◆ How to complete this task:
An exact reproduction of all the entries is what the answer must contain.

___ Source material ___

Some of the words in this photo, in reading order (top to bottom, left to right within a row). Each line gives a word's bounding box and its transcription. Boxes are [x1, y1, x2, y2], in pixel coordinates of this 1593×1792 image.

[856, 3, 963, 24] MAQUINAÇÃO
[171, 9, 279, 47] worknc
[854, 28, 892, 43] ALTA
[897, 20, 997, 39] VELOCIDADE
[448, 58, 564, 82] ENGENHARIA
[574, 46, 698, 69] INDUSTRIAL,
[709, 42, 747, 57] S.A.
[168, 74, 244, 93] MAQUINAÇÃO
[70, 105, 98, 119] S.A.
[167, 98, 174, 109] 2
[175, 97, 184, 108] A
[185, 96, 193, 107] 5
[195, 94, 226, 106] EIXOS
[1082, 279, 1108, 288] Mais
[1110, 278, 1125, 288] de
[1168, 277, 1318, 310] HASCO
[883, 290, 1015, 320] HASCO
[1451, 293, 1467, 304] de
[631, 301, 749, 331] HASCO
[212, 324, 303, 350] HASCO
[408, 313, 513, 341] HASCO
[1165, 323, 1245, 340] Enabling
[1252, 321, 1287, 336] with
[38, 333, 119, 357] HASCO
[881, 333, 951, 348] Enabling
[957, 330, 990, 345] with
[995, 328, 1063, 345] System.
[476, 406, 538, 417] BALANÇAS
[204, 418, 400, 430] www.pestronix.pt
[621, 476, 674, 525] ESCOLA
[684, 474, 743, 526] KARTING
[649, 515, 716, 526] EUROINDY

___

◆ Exercise output:
Some of the words in this photo, in reading order (top to bottom, left to right within a row). Each line gives a word's bounding box and its transcription. Boxes are [x1, y1, x2, y2], in pixel coordinates of this 1593×1792 image.

[856, 3, 963, 24] MAQUINAÇÃO
[171, 9, 279, 47] worknc
[854, 28, 892, 43] ALTA
[897, 20, 997, 39] VELOCIDADE
[448, 58, 564, 82] ENGENHARIA
[574, 46, 698, 69] INDUSTRIAL,
[709, 42, 747, 57] S.A.
[168, 74, 244, 93] MAQUINAÇÃO
[70, 105, 98, 119] S.A.
[167, 98, 174, 109] 2
[175, 97, 184, 108] A
[185, 96, 193, 107] 5
[195, 94, 226, 106] EIXOS
[1082, 279, 1108, 288] Mais
[1110, 278, 1125, 288] de
[1168, 277, 1318, 310] HASCO
[883, 290, 1015, 320] HASCO
[1451, 293, 1467, 304] de
[631, 301, 749, 331] HASCO
[212, 324, 303, 350] HASCO
[408, 313, 513, 341] HASCO
[1165, 323, 1245, 340] Enabling
[1252, 321, 1287, 336] with
[38, 333, 119, 357] HASCO
[881, 333, 951, 348] Enabling
[957, 330, 990, 345] with
[995, 328, 1063, 345] System.
[476, 406, 538, 417] BALANÇAS
[204, 418, 400, 430] www.pestronix.pt
[621, 476, 674, 525] ESCOLA
[684, 474, 743, 526] KARTING
[649, 515, 716, 526] EUROINDY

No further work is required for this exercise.